Mechanism. Hooks fire on the trigger you tell them to. The trigger I told mine — “on file save” — fired more often than I thought because autosave is a save. Hooks have no rate limiter unless you build one in.

The fix. Every hook now has a built-in debouncer — minimum 30 seconds between fires per file path. Every hook also has a kill switch — a file at ~/.claude/hooks/disabled that, if present, short-circuits all hooks in flight. I check that kill switch is reachable before I ship a hook. I learned that the hard way too.

5. The 4.6 → 4.7 migration that broke a shipped skill#

Anthropic shipped Claude 4.7. I upgraded my default model in three workspaces over coffee. Twelve people had been using a skill I’d shared a month earlier — a prep-doc generator for mentoring sessions, simple, well-tested. By the next afternoon two of them had pinged me: the skill is “weird now.”

Weird meant the prep doc came out 30% shorter and skipped a section. The section it skipped was the most useful one — pattern-flagging, the part that called out behavioral patterns from prior sessions. The skill on 4.7 was deciding the patterns section was “speculative” and silently dropping it.

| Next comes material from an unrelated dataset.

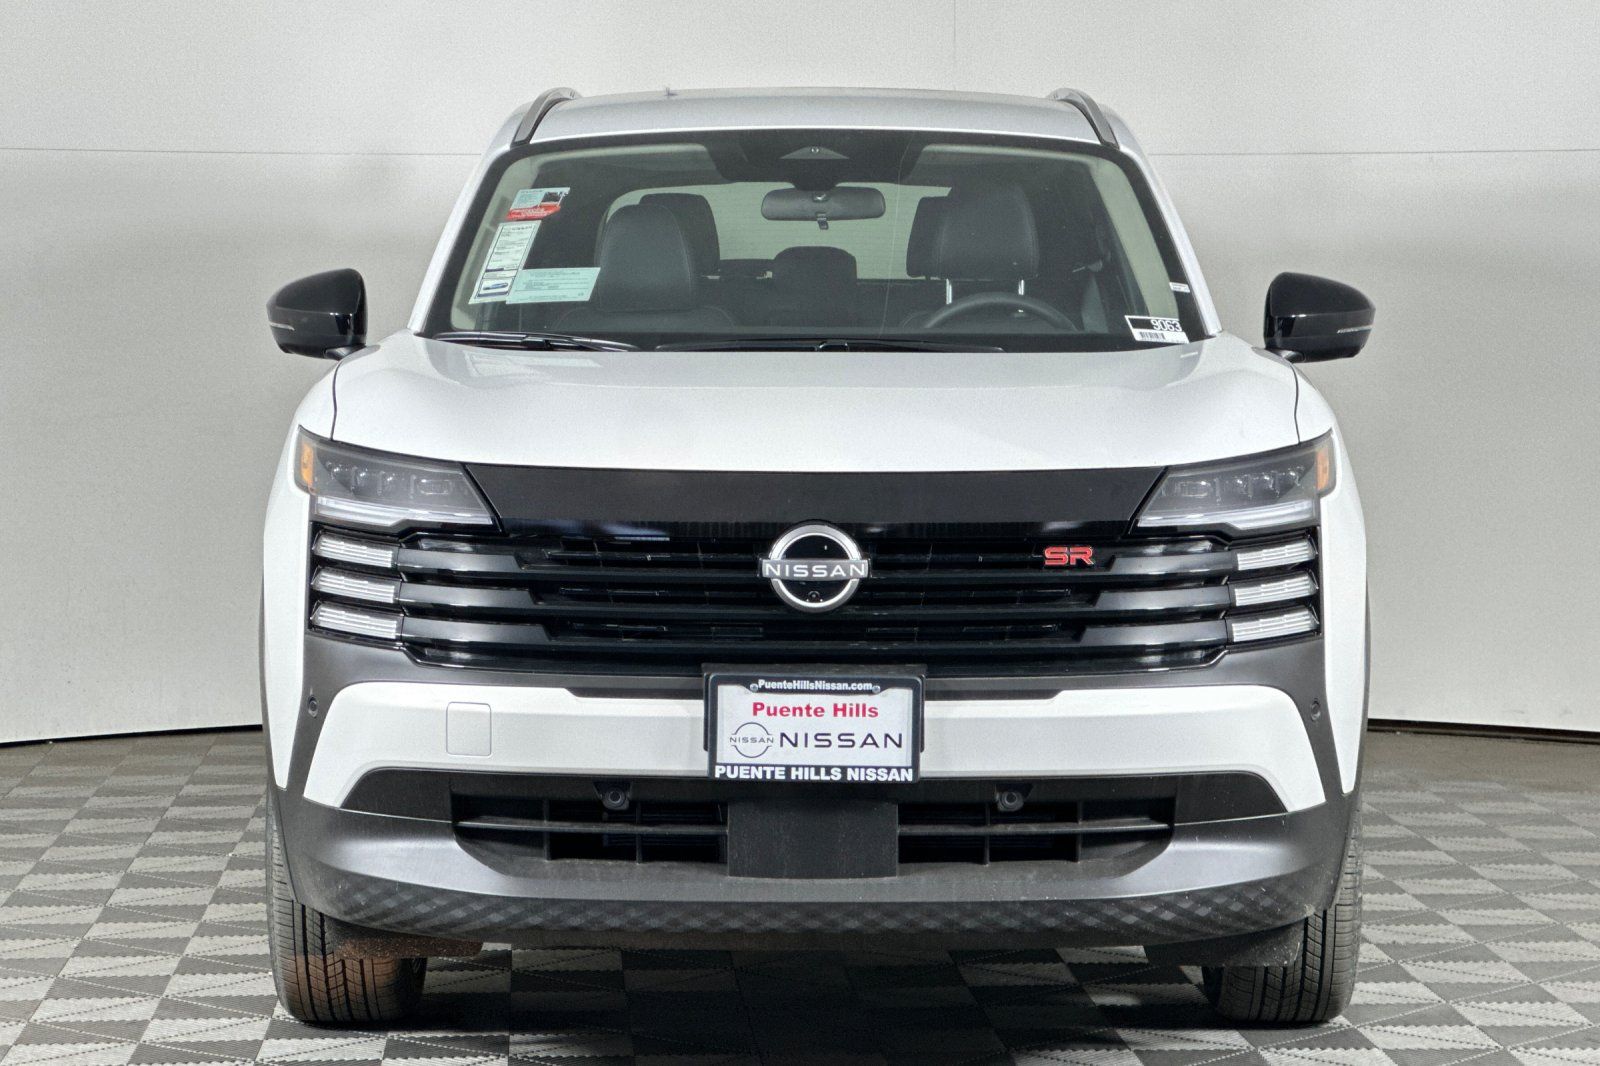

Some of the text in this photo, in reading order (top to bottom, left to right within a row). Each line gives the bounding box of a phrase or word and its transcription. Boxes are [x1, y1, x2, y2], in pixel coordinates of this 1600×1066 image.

Mechanism. The 4.7 model is more conservative about claims it can’t directly evidence. The pattern section in the original skill prompt was phrased loosely — “note any patterns you see across recent sessions” — and 4.6 happily inferred patterns from context. 4.7 reads the same prompt and decides it doesn’t have enough grounding. So it skips. Silently. No warning, no flag. Just a shorter doc.

The fix. The migration broke a contract I hadn’t written down. New rule: any skill shared with more than two people gets a regression test that runs on model upgrades — same input, diff the structural shape of the output, alert on missing sections. Took an evening to wire. Should have existed from week one. Doesn’t, in most stacks I see.

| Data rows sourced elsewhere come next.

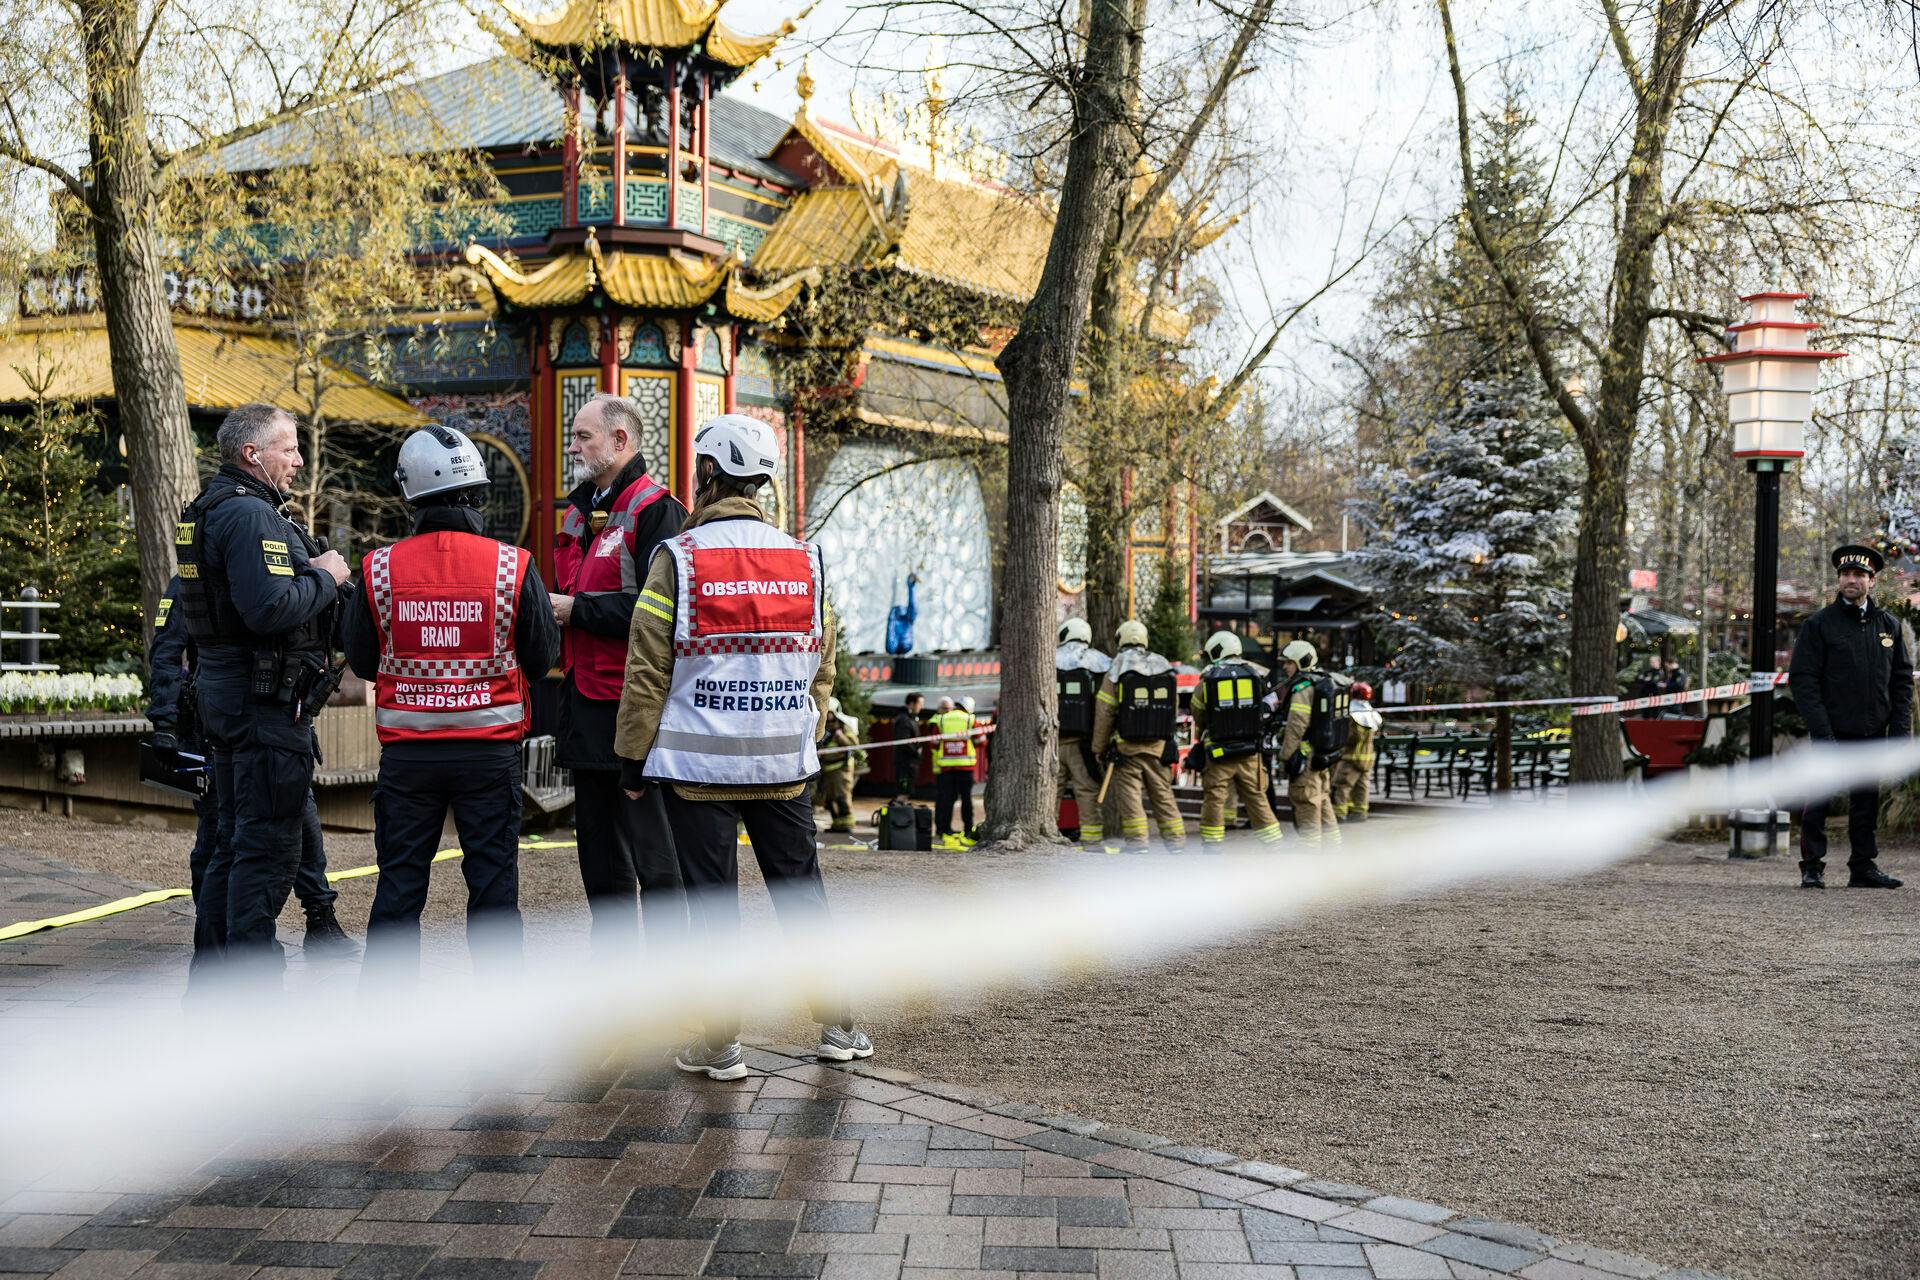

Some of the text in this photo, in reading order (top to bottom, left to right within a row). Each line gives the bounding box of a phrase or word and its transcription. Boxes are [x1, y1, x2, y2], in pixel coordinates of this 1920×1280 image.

[450, 456, 462, 464] RES
[264, 543, 287, 551] POLITI
[272, 555, 282, 565] 11
[1839, 554, 1870, 565] TIVOLI
[702, 580, 808, 596] OBSERVATØR
[398, 601, 482, 622] INDSATSLEDER
[421, 626, 460, 647] BRAND
[396, 681, 490, 693] HOVEDSTADENS
[695, 678, 807, 693] HOVEDSTADENS
[395, 692, 491, 707] BEREDSKAB
[694, 692, 805, 711] BEREDSKAB

The deeper fix is humility. A model upgrade is a behavior change. Treat it like a deploy. You wouldn’t push a backend change to twelve users without a smoke test. Don’t push a model change without one either.

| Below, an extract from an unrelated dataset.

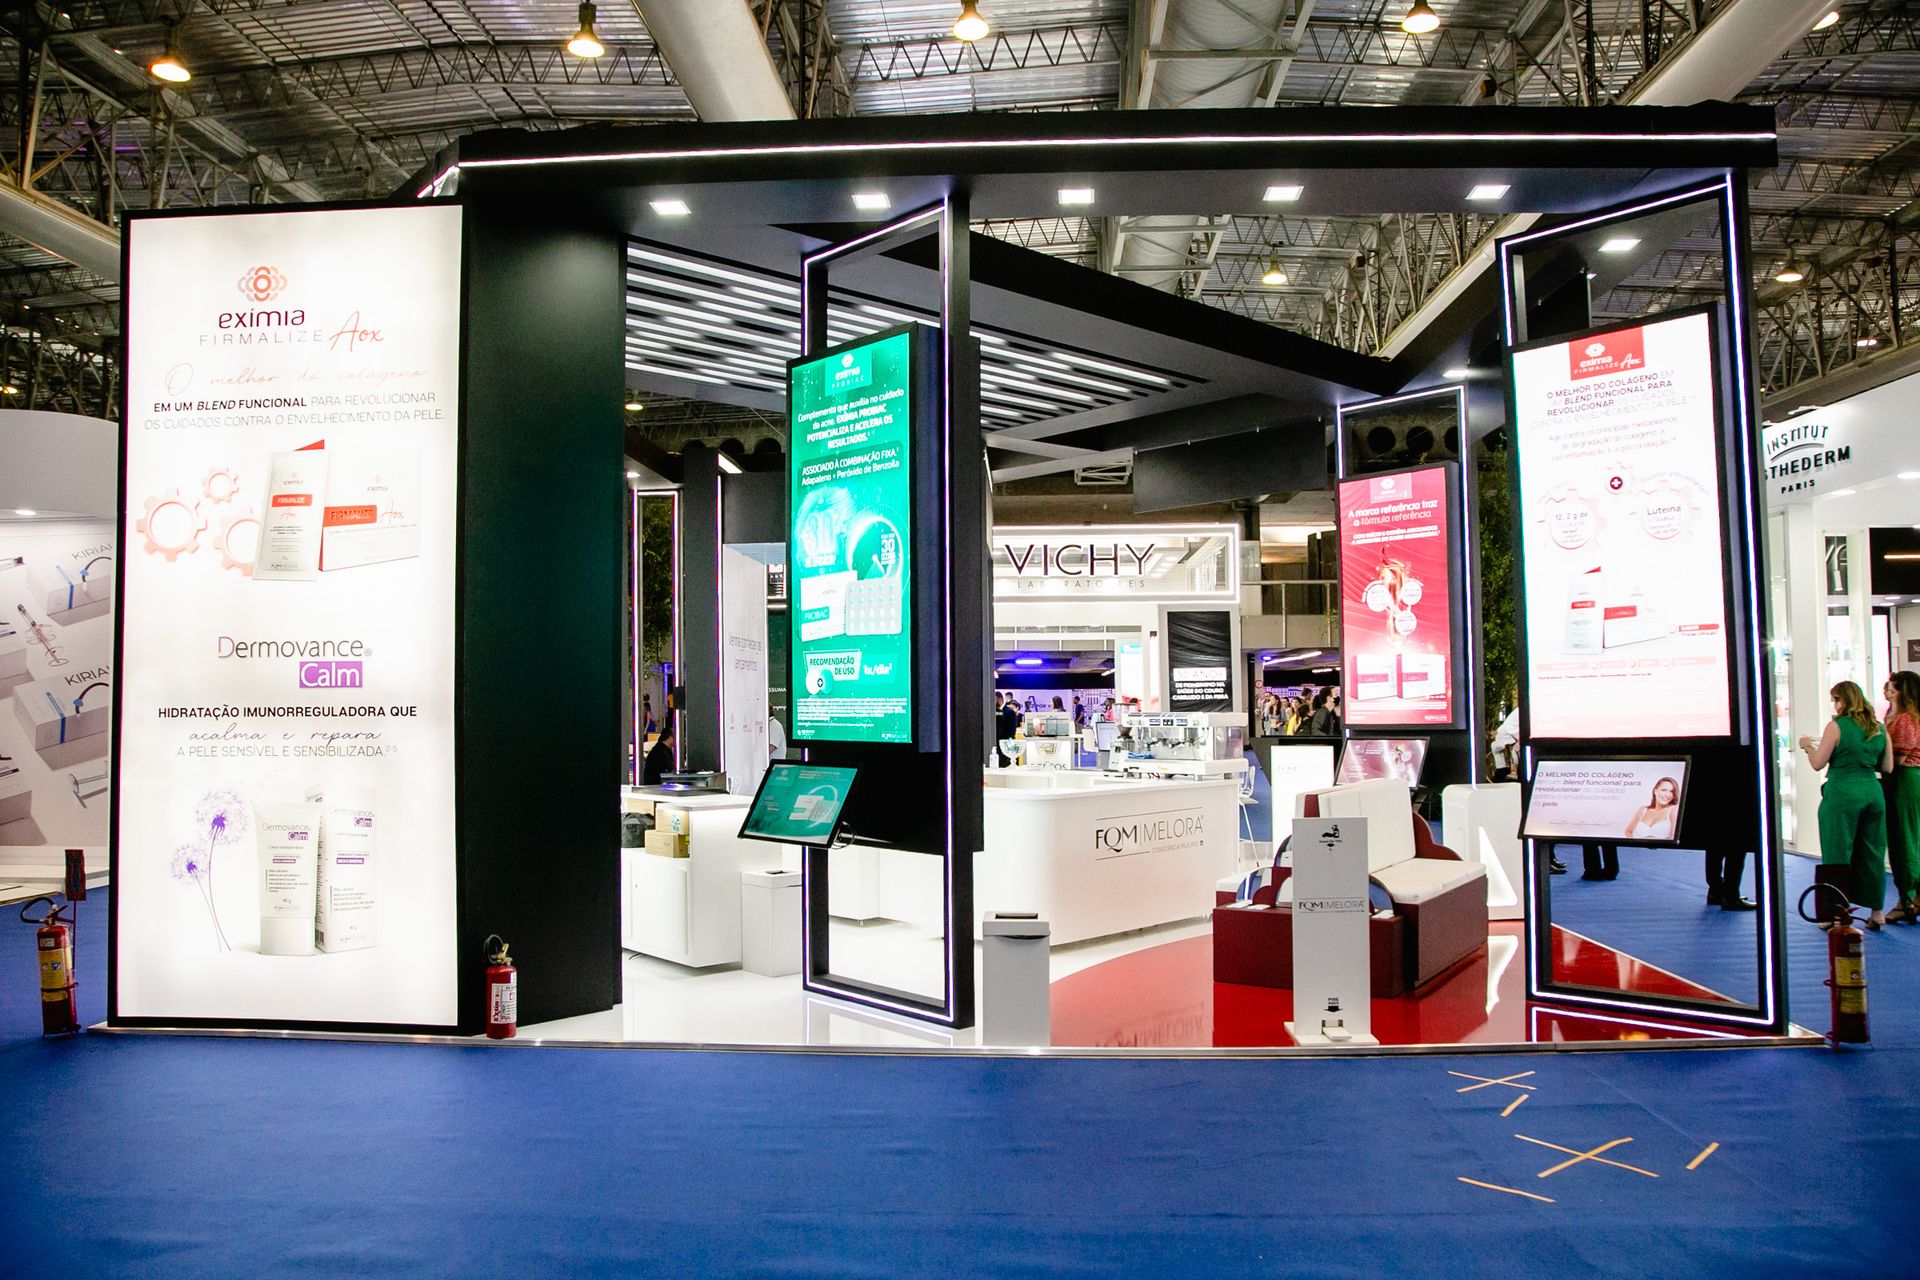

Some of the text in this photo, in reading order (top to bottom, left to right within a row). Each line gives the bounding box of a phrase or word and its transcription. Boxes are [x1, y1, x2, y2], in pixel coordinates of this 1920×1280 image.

6. The “subagent returned OK with no commit” silent failure#

Final receipt, the one that hurts most because it’s the one that almost shipped to production.

I dispatched four subagents in parallel to refactor four files in a codebase. Each one had a clear scope, a clear file path, a clear instruction to return its commit hash when done. Three returned hashes. The fourth returned the literal string “OK.” Not a hash. Not an error. Just OK.

I read four “successes” and moved on. I batched the next wave. The next wave depended on the fourth file being refactored. The next wave failed in ways that took ninety minutes to diagnose because I was looking at the wrong layer — I assumed the refactor had happened and was looking for a bug in the new code, when the bug was that the new code didn’t exist.

The fourth subagent had hit a permission prompt mid-task, paused waiting for input, and after a timeout returned “OK” because its prompt didn’t say what to return on timeout. It returned the default. The default was the agent’s idea of a friendly status word.

Bill: maybe $8 in wasted tokens. Time: 90 minutes plus the cost of the next-wave debugging. Trust: lower in the orchestration layer permanently.

Fix. A /agent-wave-verify skill that runs between every wave. Counts files modified by each agent, diffs commit hashes, fails loud if any agent’s claimed scope shows zero touched files. I run it now without thinking. The first time I ran it after building it, it caught a different silent failure on the same week. Second time, another. Verifiers earn their keep on the calendar I keep them.

What none of these are#

None of these failures showed up in a tier list. None made a Twitter thread. None of them have a clean before-and-after that fits in a slide. All six changed how I run things.

The polished version of this chapter would sand them off — six lessons, neat bullet points, a confident tone. The polished version would be a lie. The polished version would be the same demo video that put me in the position to lose $1,847 on a Saturday in the first place.

So here they are, with the dollar amounts, with the time stamps, with the names of the things I broke. The demo video for AI in 2026 is sunlit. The receipts are not. Both are real. The receipts are what you operate on.